**REQUIRED ACTION:**
Once the line containing "this 1920×1280 image." is found, retype it and each line after it through the last entry below, word for word, and nothing else.

START DATA FOR THIS EXERCISE

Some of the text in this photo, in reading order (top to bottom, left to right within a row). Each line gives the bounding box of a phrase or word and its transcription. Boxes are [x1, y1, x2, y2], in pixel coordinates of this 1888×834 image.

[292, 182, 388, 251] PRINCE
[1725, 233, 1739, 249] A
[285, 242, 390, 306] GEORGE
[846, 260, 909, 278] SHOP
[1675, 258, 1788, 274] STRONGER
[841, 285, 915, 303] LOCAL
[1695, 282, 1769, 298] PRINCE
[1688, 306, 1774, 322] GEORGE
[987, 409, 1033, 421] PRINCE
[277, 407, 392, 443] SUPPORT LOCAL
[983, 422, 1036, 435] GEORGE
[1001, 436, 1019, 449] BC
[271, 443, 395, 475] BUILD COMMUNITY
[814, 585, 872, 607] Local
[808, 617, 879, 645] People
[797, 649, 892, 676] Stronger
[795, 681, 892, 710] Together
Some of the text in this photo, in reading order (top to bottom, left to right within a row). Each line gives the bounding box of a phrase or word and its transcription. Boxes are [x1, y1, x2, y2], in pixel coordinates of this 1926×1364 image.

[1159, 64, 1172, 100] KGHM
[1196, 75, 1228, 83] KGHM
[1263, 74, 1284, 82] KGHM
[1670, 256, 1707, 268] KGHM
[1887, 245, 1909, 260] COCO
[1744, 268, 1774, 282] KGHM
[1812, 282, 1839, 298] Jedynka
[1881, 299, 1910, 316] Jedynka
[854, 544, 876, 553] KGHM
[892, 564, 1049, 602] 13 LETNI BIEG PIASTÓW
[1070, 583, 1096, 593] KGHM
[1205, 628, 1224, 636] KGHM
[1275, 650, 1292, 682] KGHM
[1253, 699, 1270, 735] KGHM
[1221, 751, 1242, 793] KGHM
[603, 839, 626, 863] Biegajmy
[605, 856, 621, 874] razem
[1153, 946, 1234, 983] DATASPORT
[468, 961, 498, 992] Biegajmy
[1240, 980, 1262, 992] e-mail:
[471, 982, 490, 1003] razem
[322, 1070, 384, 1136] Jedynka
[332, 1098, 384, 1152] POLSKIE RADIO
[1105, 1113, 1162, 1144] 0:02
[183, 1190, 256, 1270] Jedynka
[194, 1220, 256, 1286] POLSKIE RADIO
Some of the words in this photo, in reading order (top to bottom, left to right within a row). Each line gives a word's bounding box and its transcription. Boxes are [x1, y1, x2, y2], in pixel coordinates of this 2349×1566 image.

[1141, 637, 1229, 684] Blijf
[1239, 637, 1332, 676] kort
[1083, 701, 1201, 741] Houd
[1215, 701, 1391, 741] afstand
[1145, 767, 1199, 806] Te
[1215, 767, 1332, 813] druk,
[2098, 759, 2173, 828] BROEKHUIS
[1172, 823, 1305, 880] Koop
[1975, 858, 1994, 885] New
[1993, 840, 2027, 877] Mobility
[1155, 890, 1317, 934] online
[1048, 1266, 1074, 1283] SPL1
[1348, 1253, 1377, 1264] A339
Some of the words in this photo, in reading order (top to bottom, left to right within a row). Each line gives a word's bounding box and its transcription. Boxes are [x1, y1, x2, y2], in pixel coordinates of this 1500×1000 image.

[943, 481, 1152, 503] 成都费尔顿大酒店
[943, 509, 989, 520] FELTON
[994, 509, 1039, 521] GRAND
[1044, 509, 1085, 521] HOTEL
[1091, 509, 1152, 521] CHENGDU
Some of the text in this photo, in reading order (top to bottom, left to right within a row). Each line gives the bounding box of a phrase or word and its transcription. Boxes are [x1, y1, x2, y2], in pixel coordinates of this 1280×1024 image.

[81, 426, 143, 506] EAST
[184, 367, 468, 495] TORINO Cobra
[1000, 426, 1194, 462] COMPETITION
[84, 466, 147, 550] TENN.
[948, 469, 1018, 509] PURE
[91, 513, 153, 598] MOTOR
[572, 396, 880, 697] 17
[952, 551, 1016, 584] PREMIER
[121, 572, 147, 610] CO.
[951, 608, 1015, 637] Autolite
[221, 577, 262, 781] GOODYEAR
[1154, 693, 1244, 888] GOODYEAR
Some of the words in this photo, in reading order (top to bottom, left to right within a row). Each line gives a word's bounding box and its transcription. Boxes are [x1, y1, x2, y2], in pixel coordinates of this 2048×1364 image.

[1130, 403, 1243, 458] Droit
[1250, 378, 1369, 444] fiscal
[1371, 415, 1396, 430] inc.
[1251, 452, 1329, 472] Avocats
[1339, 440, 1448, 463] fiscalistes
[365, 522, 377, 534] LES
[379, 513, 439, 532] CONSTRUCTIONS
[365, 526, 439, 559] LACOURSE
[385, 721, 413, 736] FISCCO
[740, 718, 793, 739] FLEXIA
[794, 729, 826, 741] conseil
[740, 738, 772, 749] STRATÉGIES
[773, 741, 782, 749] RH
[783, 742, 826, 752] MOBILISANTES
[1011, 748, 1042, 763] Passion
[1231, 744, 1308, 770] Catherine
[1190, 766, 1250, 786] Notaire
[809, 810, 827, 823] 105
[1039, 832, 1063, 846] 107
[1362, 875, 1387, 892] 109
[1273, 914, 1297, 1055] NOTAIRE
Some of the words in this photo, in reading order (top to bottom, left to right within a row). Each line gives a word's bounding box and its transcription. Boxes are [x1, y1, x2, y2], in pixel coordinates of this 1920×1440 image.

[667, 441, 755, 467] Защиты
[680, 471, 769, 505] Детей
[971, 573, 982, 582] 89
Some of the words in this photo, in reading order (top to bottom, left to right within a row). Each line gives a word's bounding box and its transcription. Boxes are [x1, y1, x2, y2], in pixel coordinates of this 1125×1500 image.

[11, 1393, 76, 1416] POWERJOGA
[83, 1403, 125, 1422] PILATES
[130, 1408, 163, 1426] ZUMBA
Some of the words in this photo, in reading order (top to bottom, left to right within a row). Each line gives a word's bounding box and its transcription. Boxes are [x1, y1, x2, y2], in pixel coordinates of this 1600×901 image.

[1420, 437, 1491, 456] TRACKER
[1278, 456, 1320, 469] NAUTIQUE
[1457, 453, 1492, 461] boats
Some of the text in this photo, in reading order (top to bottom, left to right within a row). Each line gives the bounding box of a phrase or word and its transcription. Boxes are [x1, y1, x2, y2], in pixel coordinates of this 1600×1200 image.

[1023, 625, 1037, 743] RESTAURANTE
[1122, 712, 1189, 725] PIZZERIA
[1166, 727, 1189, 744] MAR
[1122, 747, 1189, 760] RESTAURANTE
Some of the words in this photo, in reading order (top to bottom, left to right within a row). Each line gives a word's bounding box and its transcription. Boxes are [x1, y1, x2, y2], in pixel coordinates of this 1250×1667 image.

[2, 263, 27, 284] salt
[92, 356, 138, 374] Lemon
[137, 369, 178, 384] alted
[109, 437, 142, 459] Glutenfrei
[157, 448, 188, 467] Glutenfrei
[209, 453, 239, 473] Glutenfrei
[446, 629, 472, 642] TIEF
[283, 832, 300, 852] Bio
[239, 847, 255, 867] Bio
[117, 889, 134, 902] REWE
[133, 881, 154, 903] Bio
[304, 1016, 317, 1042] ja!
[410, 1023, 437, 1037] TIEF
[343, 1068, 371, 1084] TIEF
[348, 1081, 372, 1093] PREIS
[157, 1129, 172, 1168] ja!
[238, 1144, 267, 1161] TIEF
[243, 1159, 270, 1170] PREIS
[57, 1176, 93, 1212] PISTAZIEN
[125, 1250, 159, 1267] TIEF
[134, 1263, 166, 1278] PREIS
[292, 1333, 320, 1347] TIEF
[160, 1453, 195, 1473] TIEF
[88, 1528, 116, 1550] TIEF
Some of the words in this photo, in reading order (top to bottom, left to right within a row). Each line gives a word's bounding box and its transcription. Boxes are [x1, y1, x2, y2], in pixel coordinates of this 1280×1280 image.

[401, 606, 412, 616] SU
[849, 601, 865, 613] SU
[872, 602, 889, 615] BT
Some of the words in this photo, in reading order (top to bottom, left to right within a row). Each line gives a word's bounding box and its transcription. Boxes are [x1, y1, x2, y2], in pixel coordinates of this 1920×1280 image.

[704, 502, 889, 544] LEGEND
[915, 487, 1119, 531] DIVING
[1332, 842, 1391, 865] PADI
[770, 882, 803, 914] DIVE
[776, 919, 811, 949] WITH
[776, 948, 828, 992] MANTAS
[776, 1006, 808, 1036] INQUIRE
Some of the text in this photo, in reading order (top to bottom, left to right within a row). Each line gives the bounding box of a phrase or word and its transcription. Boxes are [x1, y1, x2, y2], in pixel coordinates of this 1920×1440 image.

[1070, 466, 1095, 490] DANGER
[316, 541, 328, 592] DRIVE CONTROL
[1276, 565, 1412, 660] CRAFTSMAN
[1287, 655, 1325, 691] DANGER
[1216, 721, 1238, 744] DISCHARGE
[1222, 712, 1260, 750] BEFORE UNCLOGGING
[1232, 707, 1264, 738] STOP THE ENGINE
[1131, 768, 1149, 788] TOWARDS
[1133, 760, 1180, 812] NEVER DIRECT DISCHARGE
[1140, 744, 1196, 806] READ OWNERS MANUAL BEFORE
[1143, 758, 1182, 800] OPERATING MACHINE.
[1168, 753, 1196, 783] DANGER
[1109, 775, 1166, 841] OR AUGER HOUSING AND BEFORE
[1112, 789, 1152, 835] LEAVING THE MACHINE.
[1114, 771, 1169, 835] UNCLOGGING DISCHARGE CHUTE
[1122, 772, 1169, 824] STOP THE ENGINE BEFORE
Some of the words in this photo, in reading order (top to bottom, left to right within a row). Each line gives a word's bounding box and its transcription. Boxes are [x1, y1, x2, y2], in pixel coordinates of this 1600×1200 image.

END DATA FOR THIS EXERCISE

**OUTPUT FOR THIS EXERCISE:**
Some of the words in this photo, in reading order (top to bottom, left to right within a row). Each line gives a word's bounding box and its transcription. Boxes are [x1, y1, x2, y2], in pixel coordinates of this 1920×1280 image.

[704, 502, 889, 544] LEGEND
[915, 487, 1119, 531] DIVING
[1332, 842, 1391, 865] PADI
[770, 882, 803, 914] DIVE
[776, 919, 811, 949] WITH
[776, 948, 828, 992] MANTAS
[776, 1006, 808, 1036] INQUIRE
Some of the text in this photo, in reading order (top to bottom, left to right within a row). Each line gives the bounding box of a phrase or word and its transcription. Boxes are [x1, y1, x2, y2], in pixel coordinates of this 1920×1440 image.

[1070, 466, 1095, 490] DANGER
[316, 541, 328, 592] DRIVE CONTROL
[1276, 565, 1412, 660] CRAFTSMAN
[1287, 655, 1325, 691] DANGER
[1216, 721, 1238, 744] DISCHARGE
[1222, 712, 1260, 750] BEFORE UNCLOGGING
[1232, 707, 1264, 738] STOP THE ENGINE
[1131, 768, 1149, 788] TOWARDS
[1133, 760, 1180, 812] NEVER DIRECT DISCHARGE
[1140, 744, 1196, 806] READ OWNERS MANUAL BEFORE
[1143, 758, 1182, 800] OPERATING MACHINE.
[1168, 753, 1196, 783] DANGER
[1109, 775, 1166, 841] OR AUGER HOUSING AND BEFORE
[1112, 789, 1152, 835] LEAVING THE MACHINE.
[1114, 771, 1169, 835] UNCLOGGING DISCHARGE CHUTE
[1122, 772, 1169, 824] STOP THE ENGINE BEFORE
Some of the words in this photo, in reading order (top to bottom, left to right within a row). Each line gives a word's bounding box and its transcription. Boxes are [x1, y1, x2, y2], in pixel coordinates of this 1600×1200 image.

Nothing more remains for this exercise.